But, come on. Look at Michael Imperioli just casually talking about enlisting the services of a witch to get a movie made.

“I had just begun writing ‘Summer of Sam’ with Victor Colicchio — we wrote that script together,” Imperioli says in an exclusive clip from “Ghosts of the Chelsea Hotel.” “I really wanted to get it made. So I met somebody who was living here who was a witch, who said she could help me get it made, but it wasn’t going to happen the way I thought it would. I was very ambitious at the time and wanted to get that made, so [I] resorted to tapping into otherworldly means to get it through the studio system.”




Imperioli did not elaborate on exactly what types of spells or rituals he may have cast upon the film, but “Summer of Sam” went on to be directed and co-written by Spike Lee and released by Buena Vista Pictures. Imperioli and Lee also played small roles in the movie.

This is what I’m talking about. I would pepper this poor man with 8000 questions about the logistics of a witch getting a movie made. It would span multiple days. I’d wake up with more questions and go back for follow-ups. Neither of us would ever get any work done ever again.

I’d have to leave him alone eventually, though, because I would need to talk to Paul McCartney about, well, this answer from a little Q&A he did with his own website about what he does to pass the time on the road. Do you plan the movies you’re going to watch?

Paul: No, I just go to ‘New Releases’ and unfortunately they’re not new – I’ve seen most of them! They don’t update them quick enough for me. I scan through and think ‘ah, I’ve been meaning to see that’.

On car journeys, I watch stuff on my iPad which can be films or series. I’m currently on Better Call Saul and it’s a good one.

I need to talk to Paul McCartney about Lalo Salamanca. This is serious. I am not joking. If you know or can put me in touch with him for like a 10-minute interview, I promise I will only ask him Lalo questions. It will be such a tremendous waste of a career-making interview opportunity and it would make me so happy I would float off into space.


If you have questions about television, movies, food, local news, weather, or whatever you want, shoot them to me on Twitter or at (put “RUNDOWN” in the subject line). I am the first writer to ever answer reader mail in a column. Do not look up this last part.

From Matt:

Please describe the exact set of circumstances it would require for you to willingly sit through a 4.5 hour historical drama.

Okay, first of all, I assume Matt is talking about this, which I joked about on Twitter last week.
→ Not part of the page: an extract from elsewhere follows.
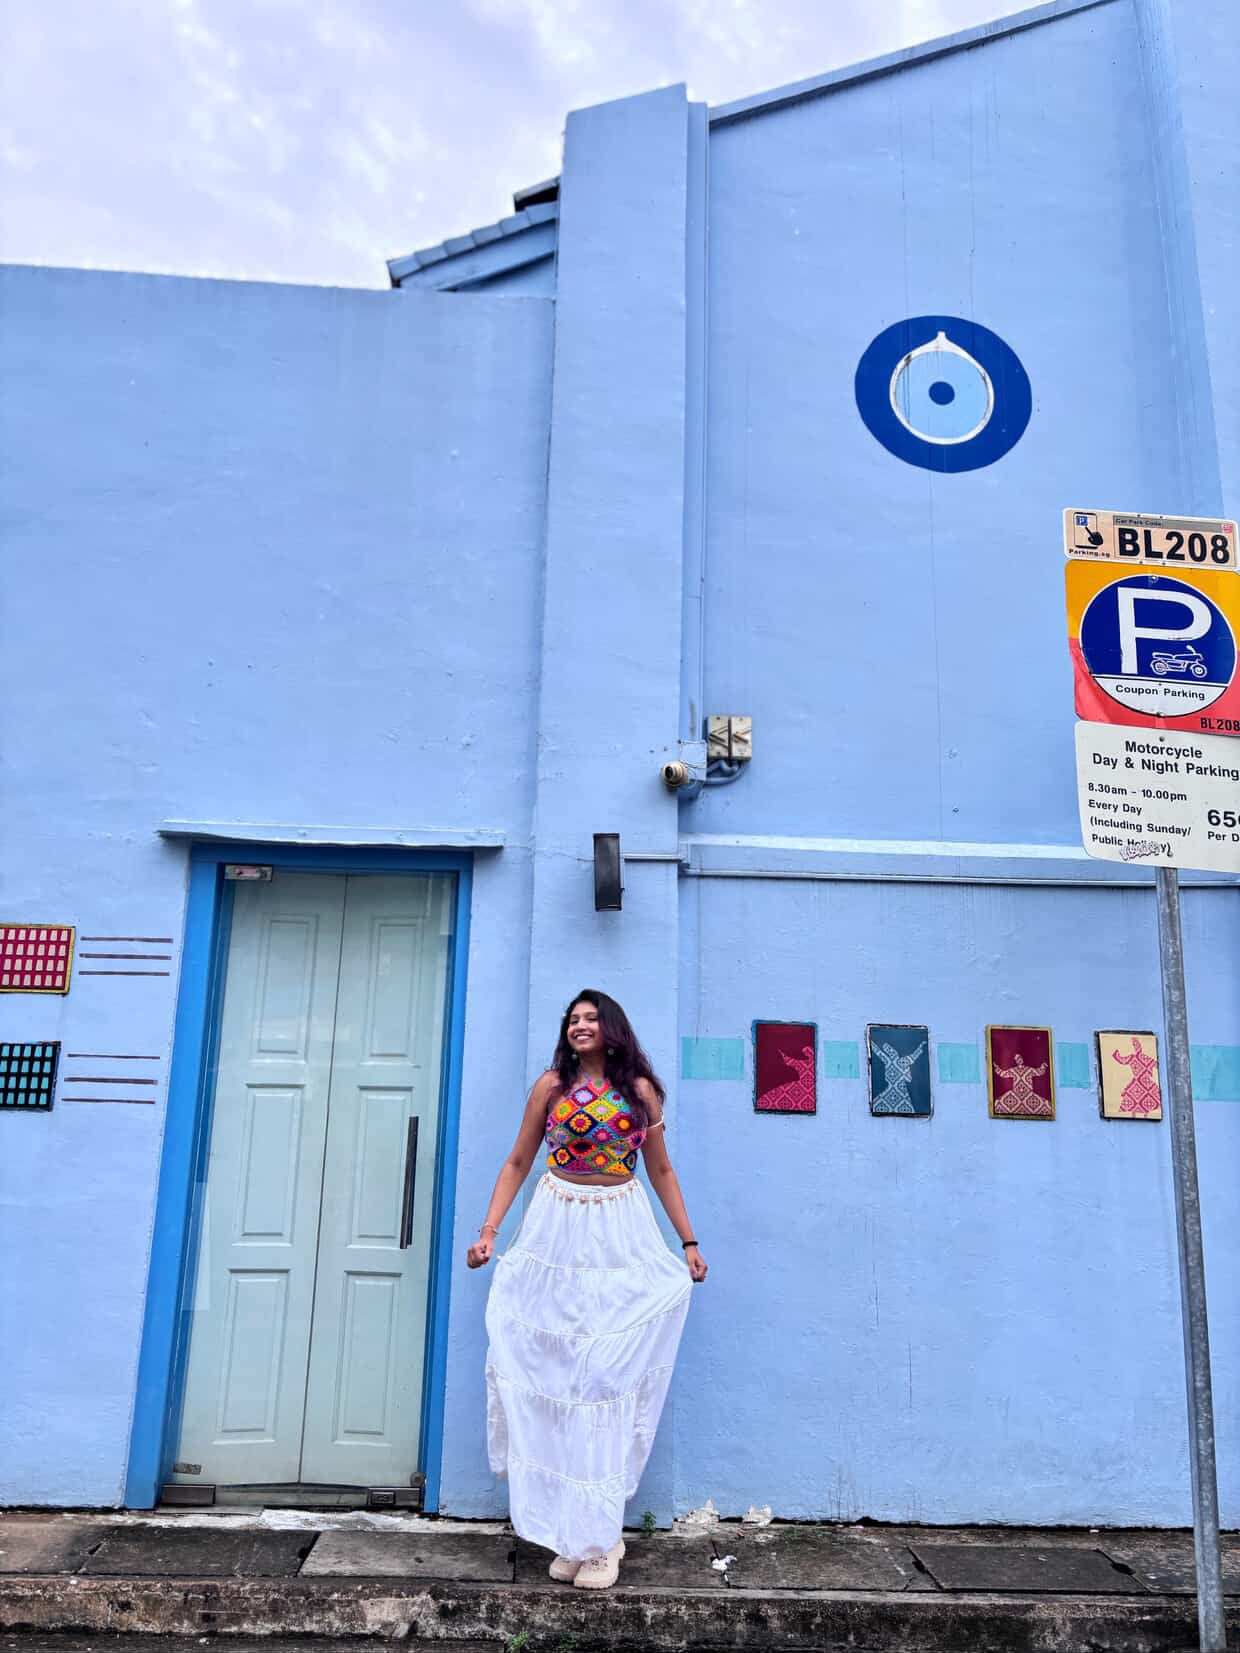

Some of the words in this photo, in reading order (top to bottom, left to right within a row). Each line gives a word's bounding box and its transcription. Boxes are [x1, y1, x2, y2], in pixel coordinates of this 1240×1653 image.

Ridley Scott’s historical epic “Napoleon” clocks in at a whopping 158 minutes, but even at over two-and-a-half hours a lot of material was left on the cutting room floor. In the September 2023 issue of Empire Magazine, Scott reveals that he has a “fantastic” cut of the movie that runs nearly four-and-a-half hours.

So, there are a few things at play here. One, as I’m sure all of you can tell from reading any paragraph I’ve ever written, is that I was a massive ADHD kid — scribbling on my desk, whipping pencils into the ceiling above my seat, all of it — and remain so in many ways as an adult. But I’m also the kind of sicko who can sit around and watch an entire extra-inning baseball game with no issue. And if anyone can make a 270-minute historical drama tolerable, it’s the dude who made Gladiator

With that said, the circumstances for me, personally, are as follows:

  • At home, not in the theater, because I will need to pause at least twice for kitchen runs
  • A snowy Saturday or Sunday afternoon in like mid-February when there is no sports to watch and it is too cold/slushy to go anywhere
  • A low-grade fever that saps my energy to the degree that finding anything else to do feels like an insurmountable task

That said, under those circumstances, I could see myself enjoying an afternoon-long cut of a Napoleon movie.


To Spain!

A group of thieves stole $500,000 worth of extra virgin olive oil from a Spanish oil mill, El Mundo reported, as the liquid soars in price.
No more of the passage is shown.